Sex OK for Many Heart Patients, Docs Say
New American Heart Association guidelines detail who -- and who isn't -- at risk
By Randy Dotinga
THURSDAY, Jan. 19 (HealthDay News) -- Sexual activity generally isn't hazardous for people with cardiovascular disease, the American Heart Association says in a new statement.
But patients should get checked by a doctor beforehand and be aware that heart problems could spell trouble in some cases of cardiovascular disease, especially if they're not controlled.
The heart association also cautions that there needs to be more research into how sexual activity affects the cardiovascular system of women and older people who have specific conditions.

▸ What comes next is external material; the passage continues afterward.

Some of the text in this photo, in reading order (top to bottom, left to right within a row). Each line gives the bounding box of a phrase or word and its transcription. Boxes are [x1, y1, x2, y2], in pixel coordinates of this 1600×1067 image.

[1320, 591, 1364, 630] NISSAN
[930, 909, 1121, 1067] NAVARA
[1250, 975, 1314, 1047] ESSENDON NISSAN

"The reality is that in most patients, the risk is low," said Dr. Glenn Levine, a professor of medicine at Baylor College of Medicine and lead author of the statement. "In most patients with stable heart disease, it is reasonably safe to participate in sexual activity, which is probably comparable to mild to moderate physical activity, like walking or going up several flights of stairs."
Heart patients frequently don't mention the risk of sexual activity but it may still be on their minds, Levine said. "We want to encourage health-care professionals to discuss this and encourage patients and partners to bring it up."

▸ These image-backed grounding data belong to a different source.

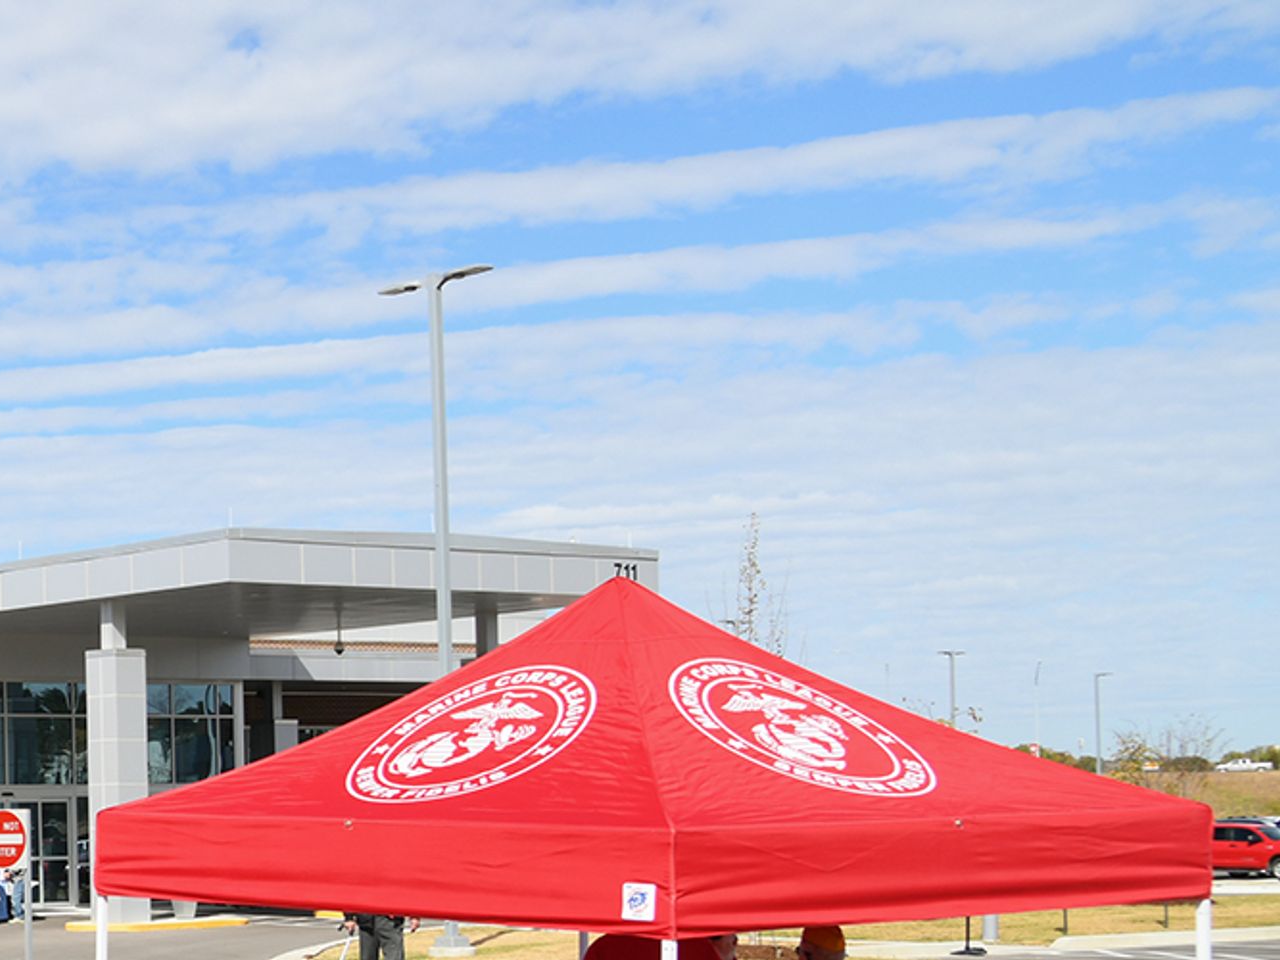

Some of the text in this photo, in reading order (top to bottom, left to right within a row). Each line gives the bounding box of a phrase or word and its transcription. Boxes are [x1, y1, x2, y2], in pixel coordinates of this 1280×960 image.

[613, 562, 638, 581] 711
[394, 670, 586, 738] MARINE CORPS LEAGUE
[679, 663, 870, 730] MARINE CORPS LEAGUE
[355, 765, 508, 799] SEMPER FIDELIS
[772, 758, 890, 792] SEMPER
[3, 821, 19, 832] NOT

The statement authors report that fewer than 1 percent of acute heart attacks are linked to sexual activity. For people who have had a heart attack, engaging in sexual activity increases the risk of another heart attack or death "from 10 chances in 1 million per hour to 20 to 30 chances in 1 million per hour," according to the report.
Research has found that sudden death is extremely rare during sexual activity. But when it does occur, it's almost always in men and mostly in those who are having extramarital sex, "in most cases with a younger partner in an unfamiliar setting and/or after excessive food and alcohol consumption," the statement said.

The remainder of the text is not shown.